Task goal: Please restate every line below exactly, without any pictures.

━━━━━━

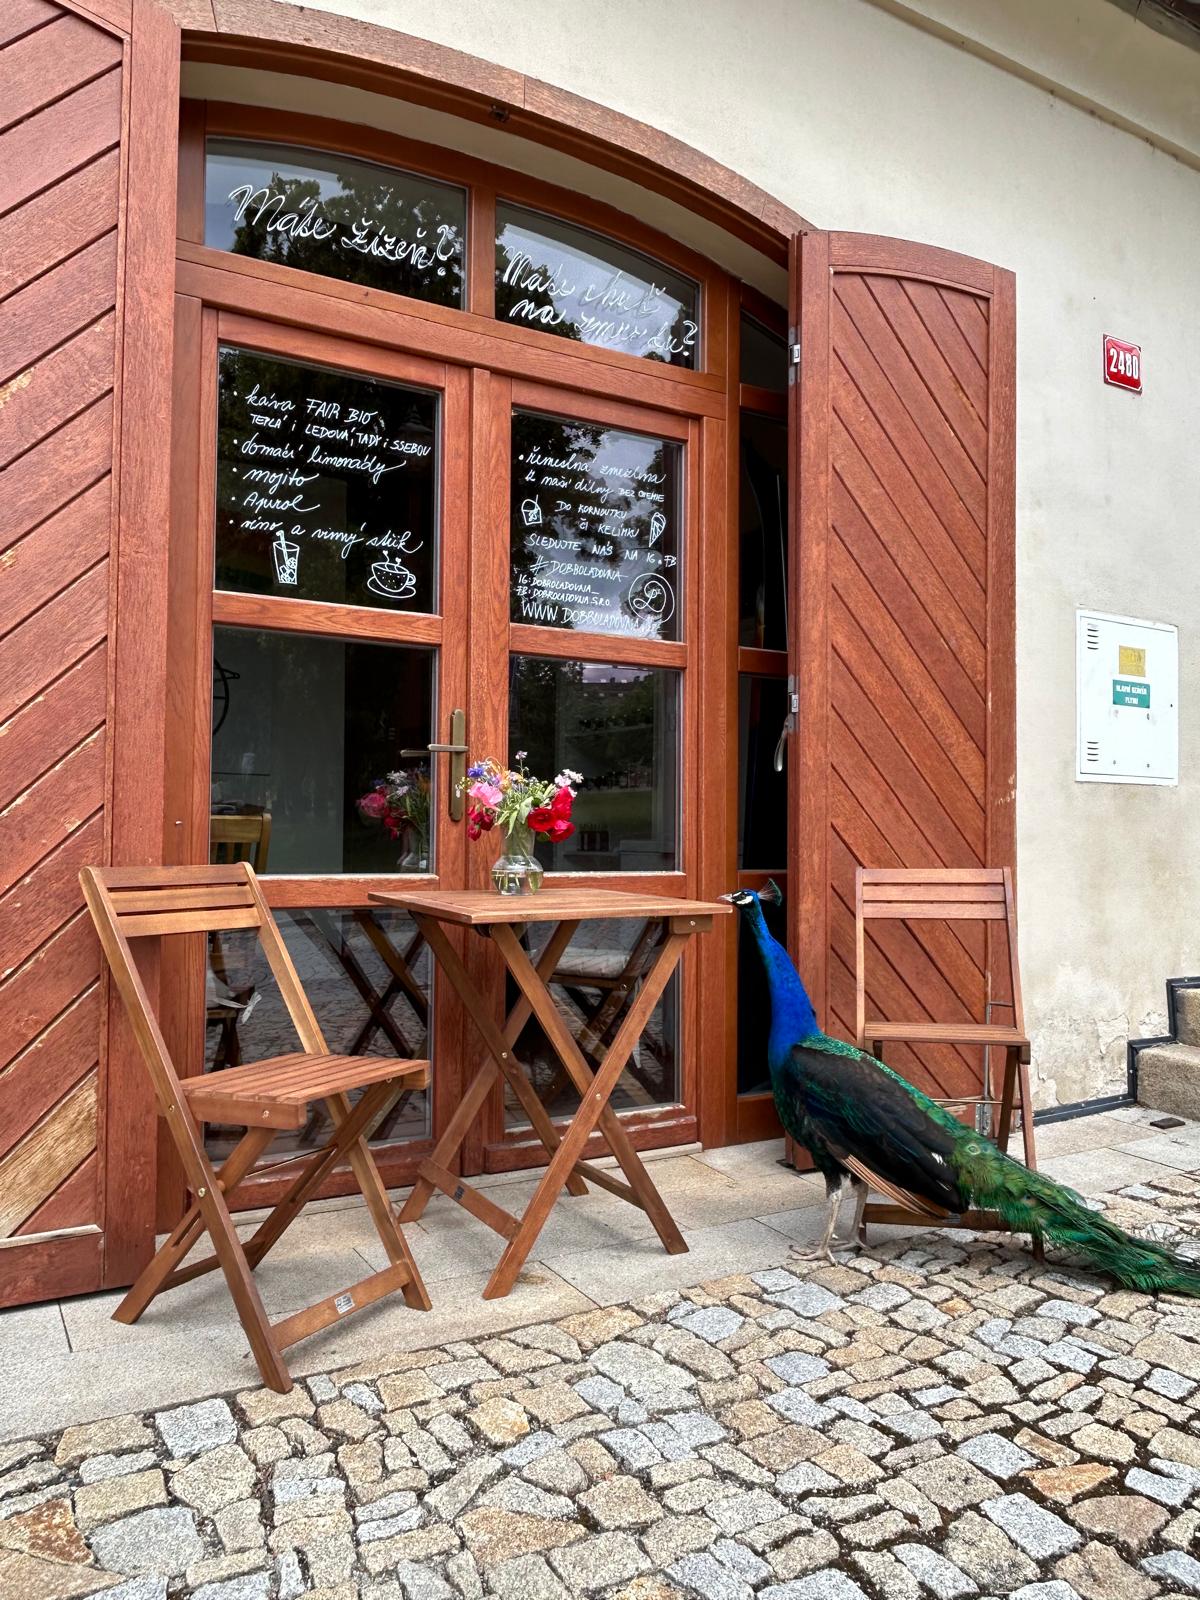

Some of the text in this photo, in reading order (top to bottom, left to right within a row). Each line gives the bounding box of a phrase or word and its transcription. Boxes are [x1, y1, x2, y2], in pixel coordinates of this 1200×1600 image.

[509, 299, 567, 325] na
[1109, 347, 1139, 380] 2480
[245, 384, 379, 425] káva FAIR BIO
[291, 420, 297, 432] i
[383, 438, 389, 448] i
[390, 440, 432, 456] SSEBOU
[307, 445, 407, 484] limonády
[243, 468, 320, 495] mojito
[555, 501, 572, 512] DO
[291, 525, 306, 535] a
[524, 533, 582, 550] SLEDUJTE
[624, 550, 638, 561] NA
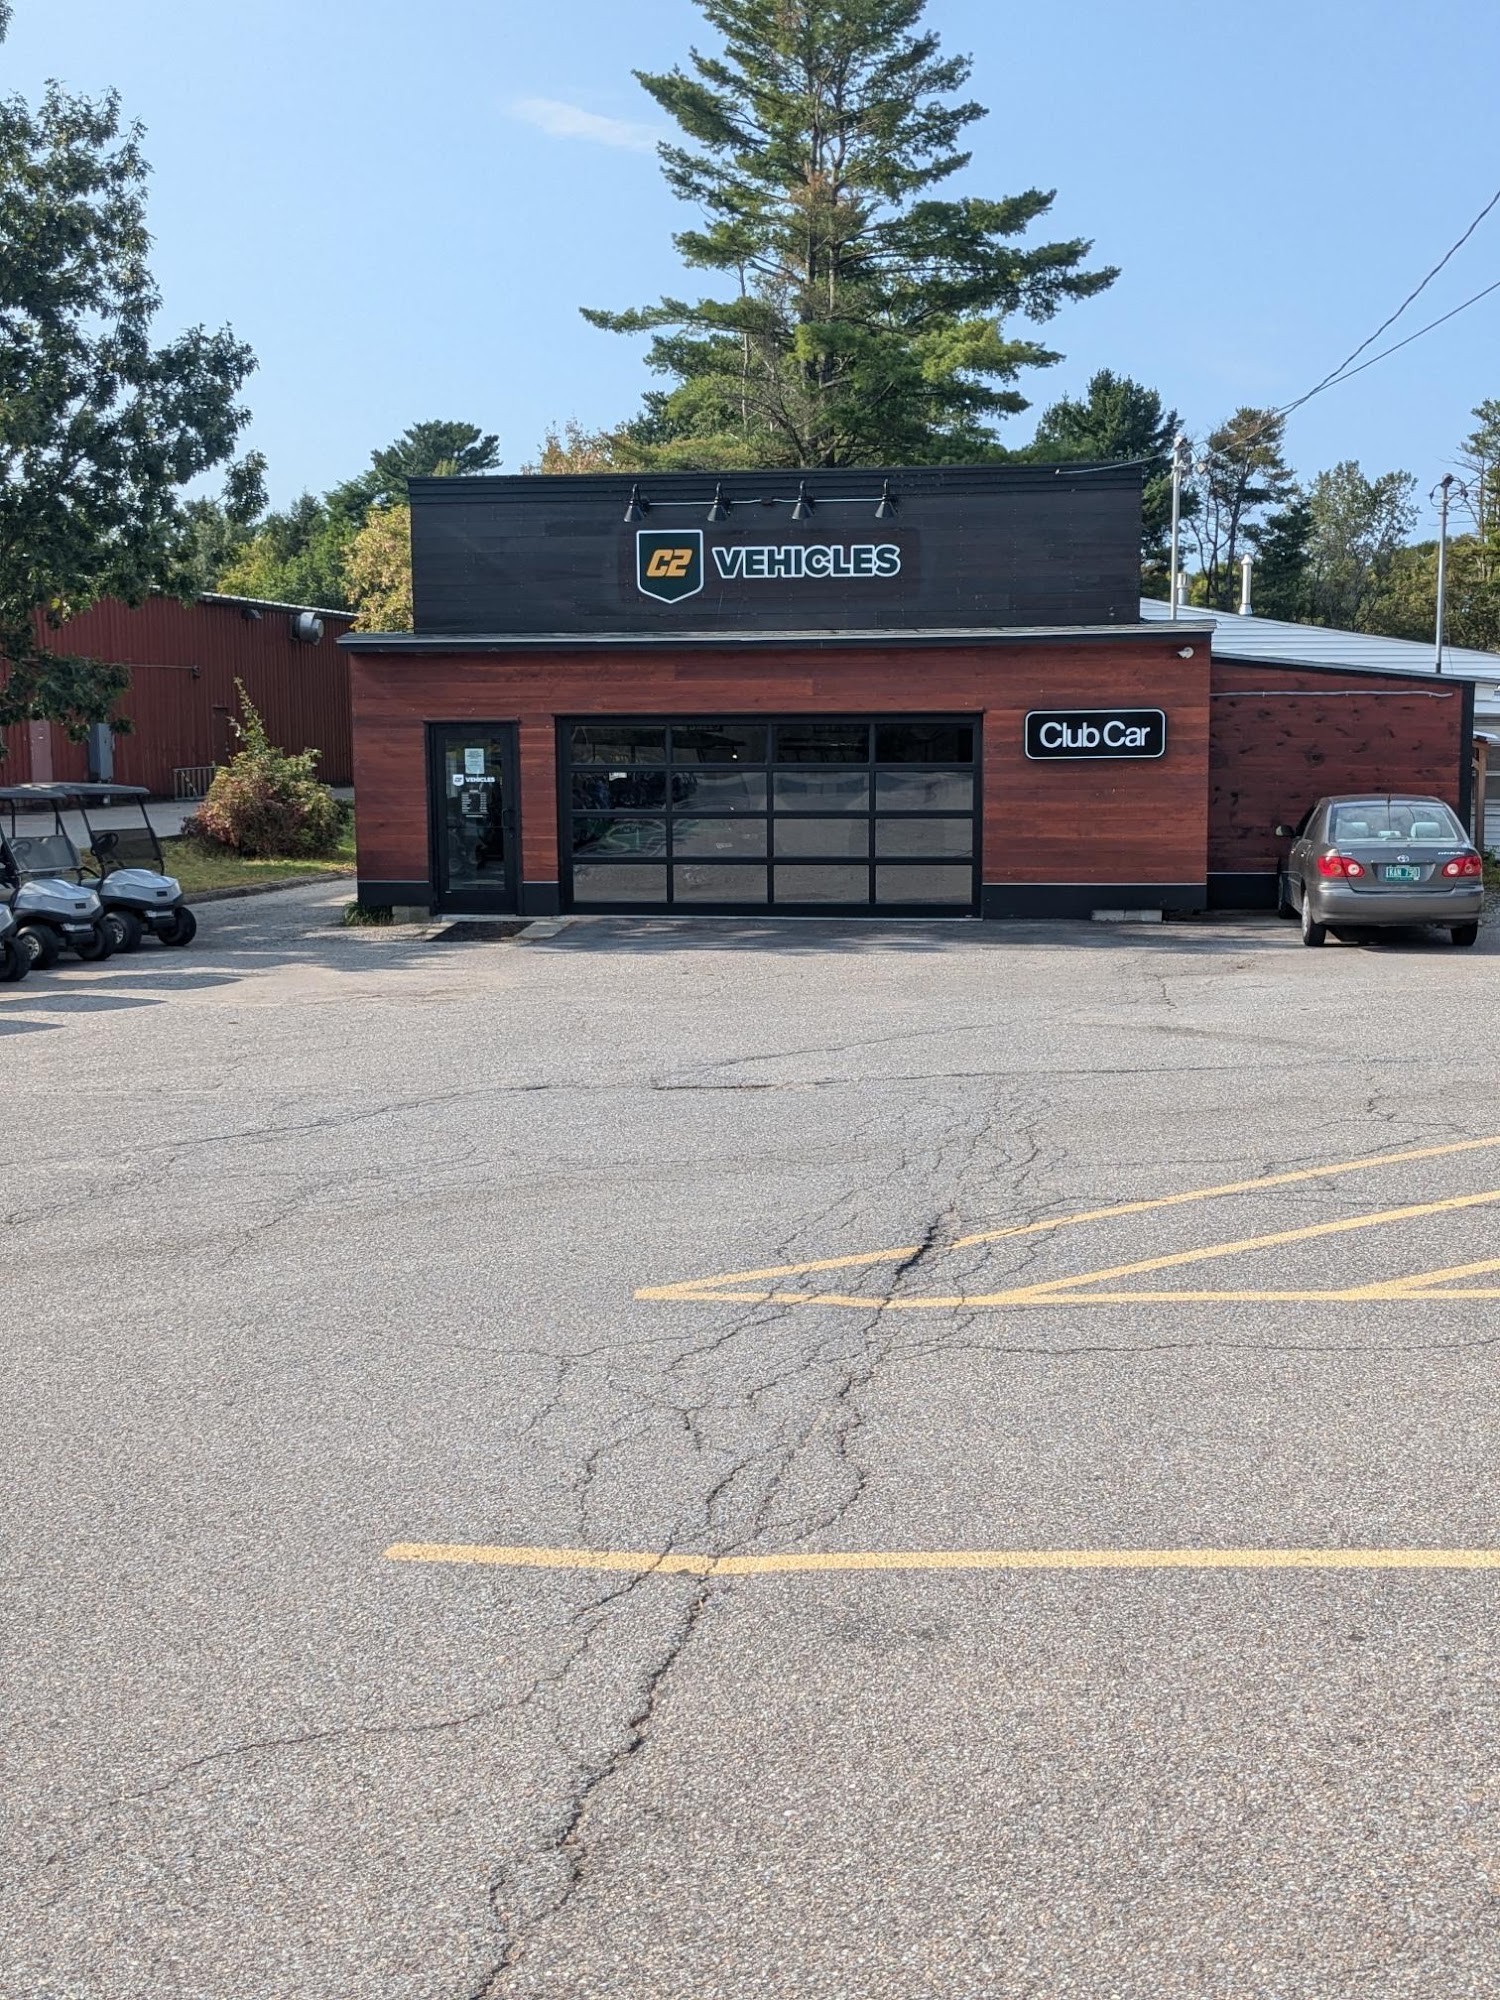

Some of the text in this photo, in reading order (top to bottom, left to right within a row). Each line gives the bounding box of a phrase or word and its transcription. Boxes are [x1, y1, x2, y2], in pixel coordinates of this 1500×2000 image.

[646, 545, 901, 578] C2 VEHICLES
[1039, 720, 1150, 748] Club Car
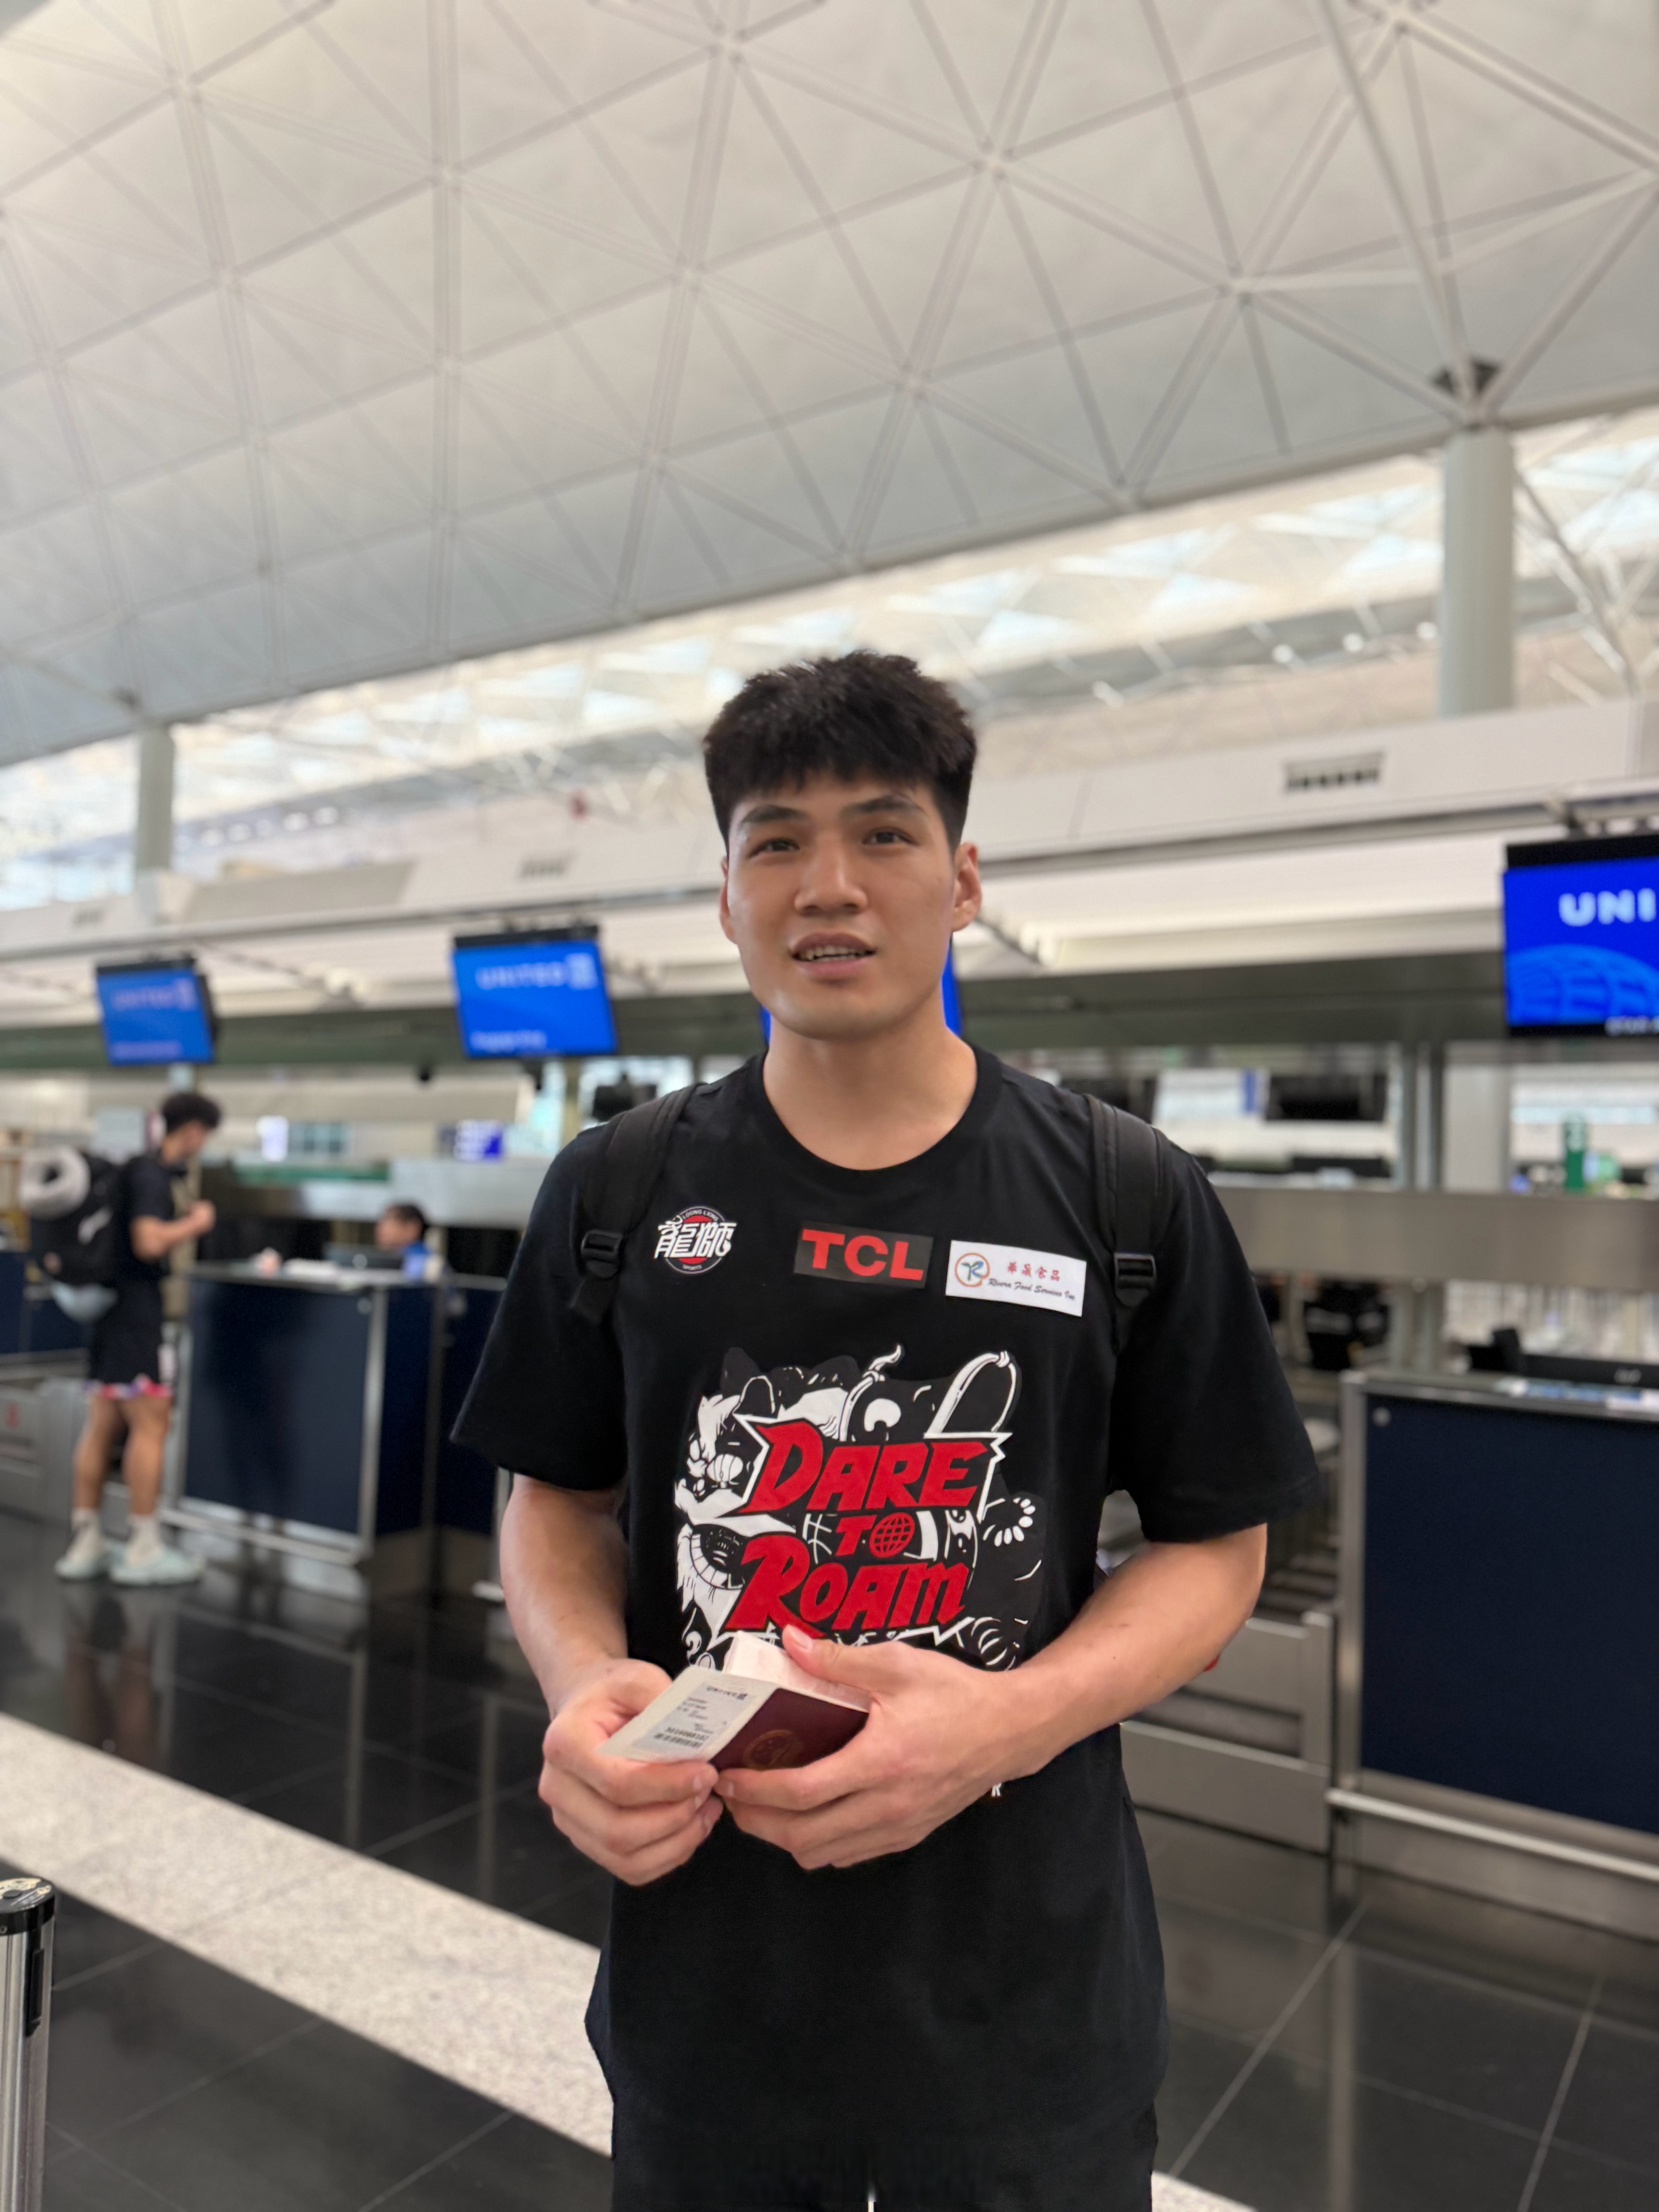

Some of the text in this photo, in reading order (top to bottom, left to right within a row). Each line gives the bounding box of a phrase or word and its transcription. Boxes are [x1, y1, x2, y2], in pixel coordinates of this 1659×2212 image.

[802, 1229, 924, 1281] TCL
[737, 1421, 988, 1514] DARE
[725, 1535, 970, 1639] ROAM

━━━━━━

Expected output:
Some of the text in this photo, in reading order (top to bottom, left to right within a row). Each line gives the bounding box of a phrase or word and its transcription. Boxes are [x1, y1, x2, y2], in pixel coordinates of this 1200×1600 image.

[509, 299, 567, 325] na
[1109, 347, 1139, 380] 2480
[245, 384, 379, 425] káva FAIR BIO
[291, 420, 297, 432] i
[383, 438, 389, 448] i
[390, 440, 432, 456] SSEBOU
[307, 445, 407, 484] limonády
[243, 468, 320, 495] mojito
[555, 501, 572, 512] DO
[291, 525, 306, 535] a
[524, 533, 582, 550] SLEDUJTE
[624, 550, 638, 561] NA

Some of the text in this photo, in reading order (top to bottom, left to right within a row). Each line gives the bounding box of a phrase or word and its transcription. Boxes are [x1, y1, x2, y2], in pixel coordinates of this 1500×2000 image.

[646, 545, 901, 578] C2 VEHICLES
[1039, 720, 1150, 748] Club Car

Some of the text in this photo, in reading order (top to bottom, left to right within a row). Each line gives the bounding box of a phrase or word and its transcription. Boxes are [x1, y1, x2, y2], in pixel coordinates of this 1659×2212 image.

[802, 1229, 924, 1281] TCL
[737, 1421, 988, 1514] DARE
[725, 1535, 970, 1639] ROAM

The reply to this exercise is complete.